On governance, he first acknowledged that every country on this globe has experienced crisis and poverty, and that those that are considered successful have come to grips with the realities presented within these two paradigms and have been able to implement solutions to overcome them.
Dr. Branes indicated that the fundamental drivers behind sustained solutions to crisis and poverty have historically been a cohesive, reconciled and disciplined society that is prepared to deal with its disparities in an environment of inclusiveness and justice.

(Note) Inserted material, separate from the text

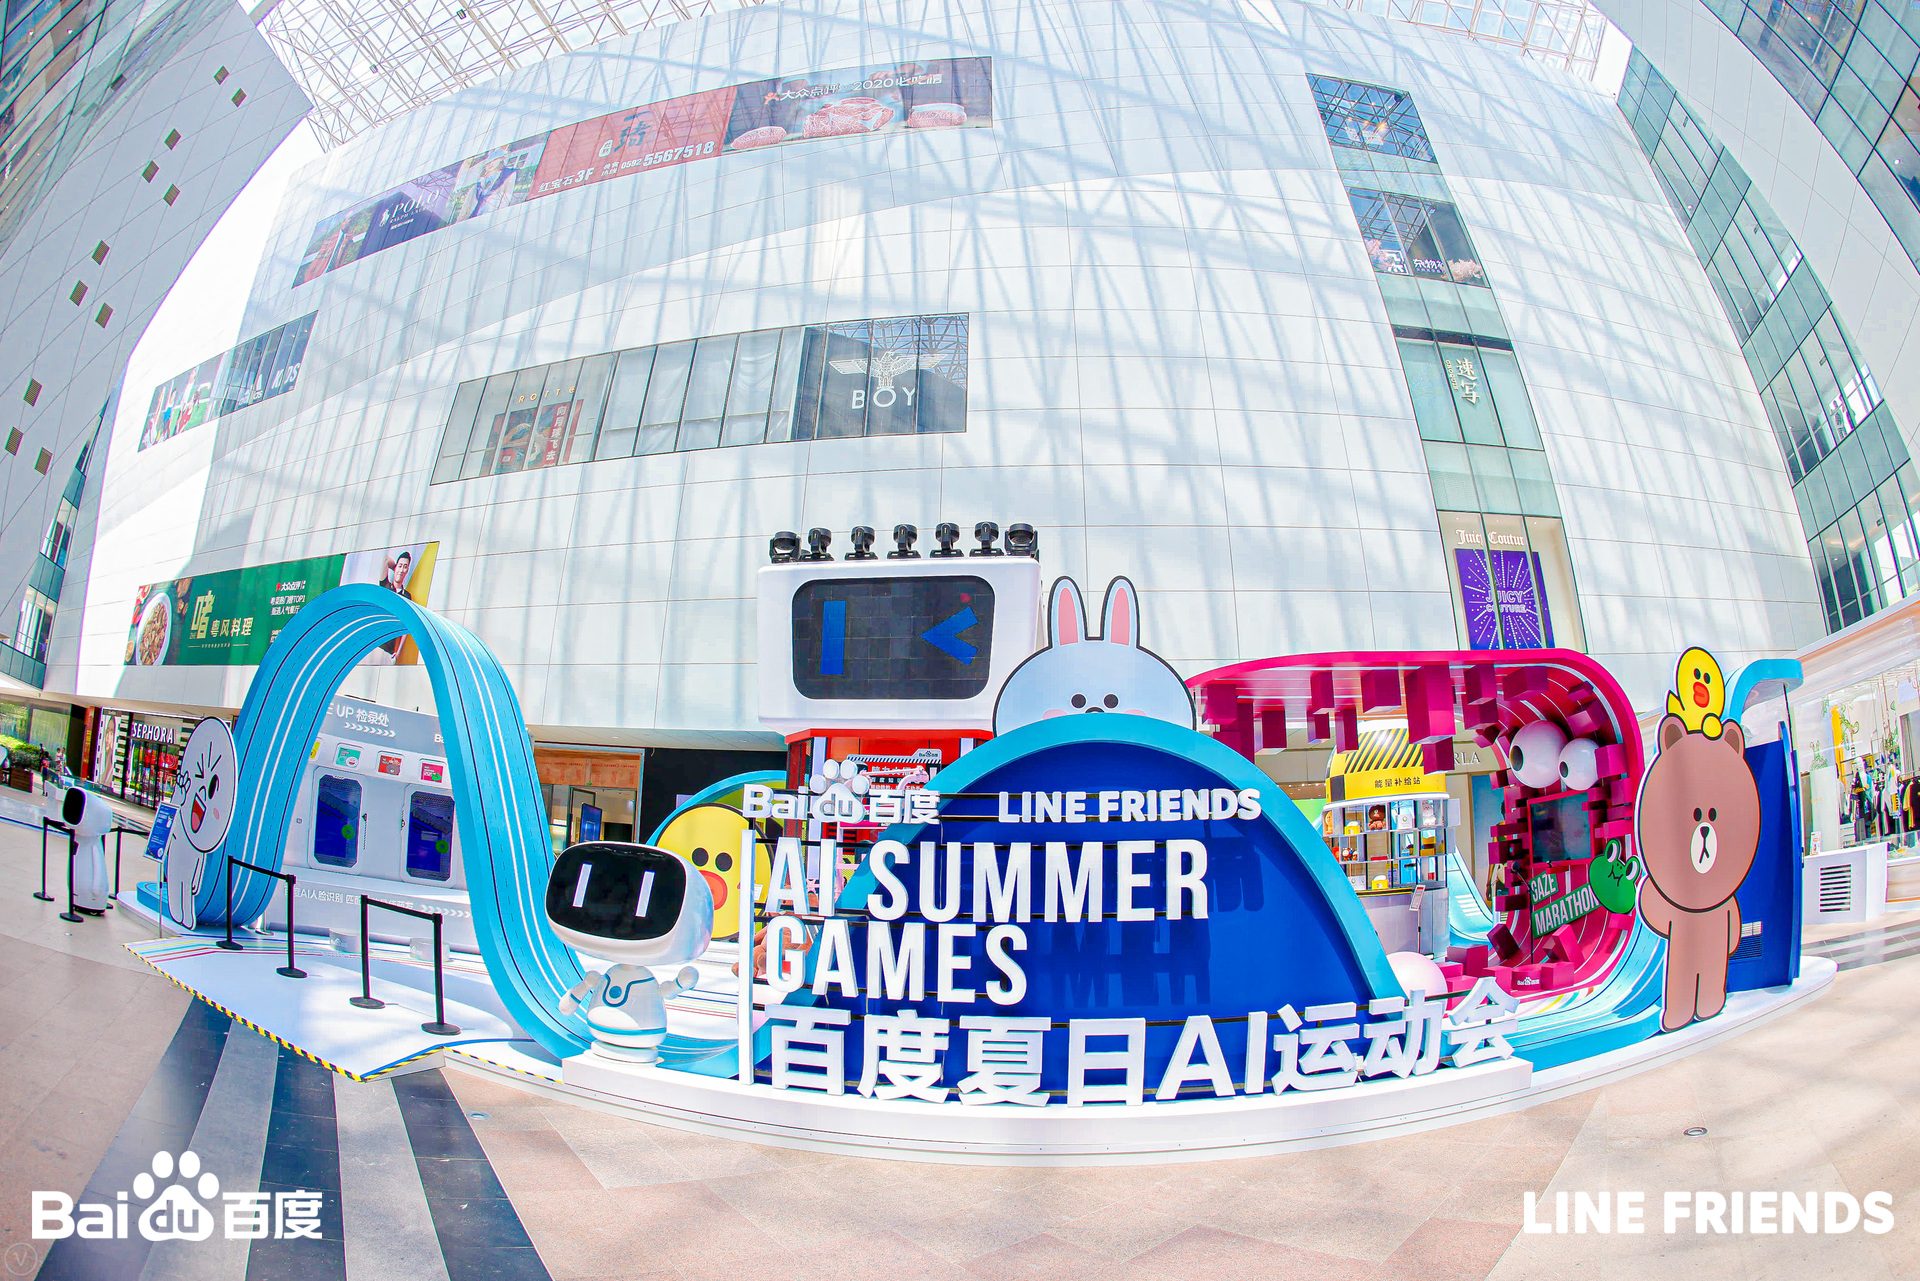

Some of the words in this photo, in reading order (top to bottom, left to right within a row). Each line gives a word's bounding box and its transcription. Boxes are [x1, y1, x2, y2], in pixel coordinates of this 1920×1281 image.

“The Liberia paradigm lacks the essentials of inclusiveness and justice which may be an indicator of its national denial,” he wrote. “Throughout its history, Liberia has encountered very difficult issues; and, unfortunately, Liberians have chosen ‘flight’ (as reflected in denial) as opposed to ‘fight’ (as reflected in confronting tough issues directly). As a result, Liberia has an axiomatic closet full of skeletons that have accumulated over generations of denial, that are now, like chickens, “coming home to roost.”
He reasoned that until Liberians come to grips with these stubborn facts, the faulty foundational pillars of our national desires, dreams and visions, will be unable to support any serious initiative for sustainable growth, development and prosperity.